L’an dernier, le marché en face de chez moi a brûlé. Les murs étaient pleins de suie et malgré que le marché eût 11 ans, les murs ne furent pas repeints. Je me suis dit que c’était parce que le marché était voué à une destruction proche. Pourtant, à l’intérieur, les commerces qui étaient partis en fumée furent reconstruits ! Alors j’ai douté…

Début mai, l’office a indiqué aux locataires des allées A et B qu’ils avaient jusqu’à la fin du mois pour quitter leur logement avant destruction. Alors la rumeur c’est répandue selon laquelle notre allée T2 serait vouée au même sort avec le marché en juillet…

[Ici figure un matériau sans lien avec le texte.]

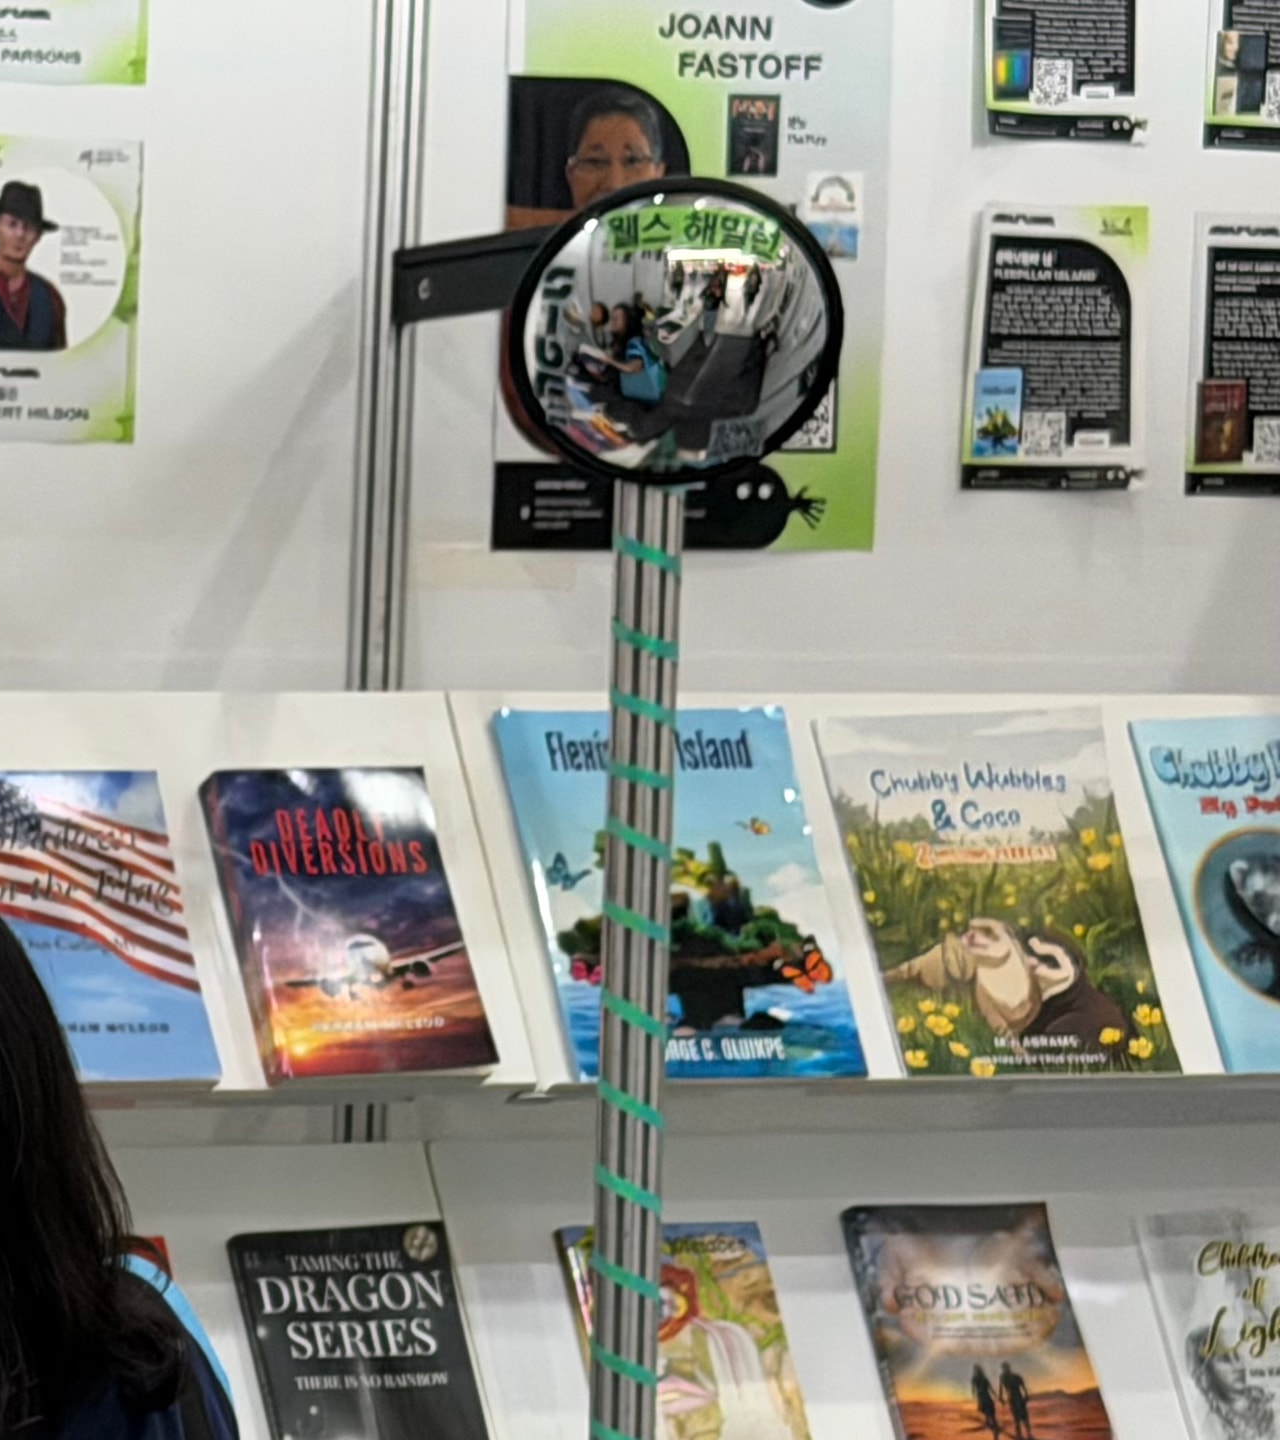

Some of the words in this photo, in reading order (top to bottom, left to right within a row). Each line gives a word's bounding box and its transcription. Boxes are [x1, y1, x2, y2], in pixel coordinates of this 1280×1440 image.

[658, 12, 774, 42] JOANN
[0, 48, 82, 65] PARSONS
[677, 51, 824, 81] FASTOFF
[672, 729, 753, 771] Island
[870, 769, 959, 798] Chubby
[963, 761, 1067, 793] Wubbles
[1149, 745, 1272, 795] Chubby
[931, 798, 956, 831] &
[960, 799, 1022, 831] Coco
[250, 840, 428, 877] DIVERSIONS
[286, 1252, 359, 1272] TAMING
[360, 1250, 404, 1270] THE
[1197, 1240, 1280, 1277] Childre
[257, 1269, 446, 1316] DRAGON
[286, 1317, 438, 1360] SERIES
[1199, 1306, 1280, 1359] Ligh
[295, 1375, 341, 1391] THERE
[383, 1371, 449, 1389] RAINBOW

Depuis un an, mon robinet fuit mais je ne l’ai pas changé parce qu’il avait seulement quelques années et, surtout, parce que je craignais que mon studio soit détruit… Mi-mai, le technicien est venu réparer le support du tube à néon de la salle de bain. Il m’a dit qu’il fallait le changer. Mais je n’allais pas payer un support neuf pour 2 mois… Alors j’ai opté pour une solution provisoire.

Le 18 mai dernier, j’ai constaté que des commerçants que je connaissais depuis le début étaient partis. Le même jour, comme je suis un des plus anciens locataires, la directrice de l’office m’a indiqué avant tout le monde que la société propriétaire arrêterait de nous louer nos studios dès la fin juin 😓

A la place du marché et de mon allée, se dresseront des compartiments commerciaux modernes 🏢 Pourtant seuls 19 des 40 livrés en novembre 2021 du côté du centre commercial abritent une activité commerciale. Sur les 21 autres figurent des panneaux “à louer”. En l’espace de 18 mois, deux commerces ont déjà fermé. Mais cela ne dérange pas notre propriétaire puisqu’il a vendu les 40 ! Beaucoup achètent pour mettre en location… Au Cambodge il y a foison de ce genre de compartiments. A l’inverse, il n’y a pas d’HLM et il manque de logements ouvriers.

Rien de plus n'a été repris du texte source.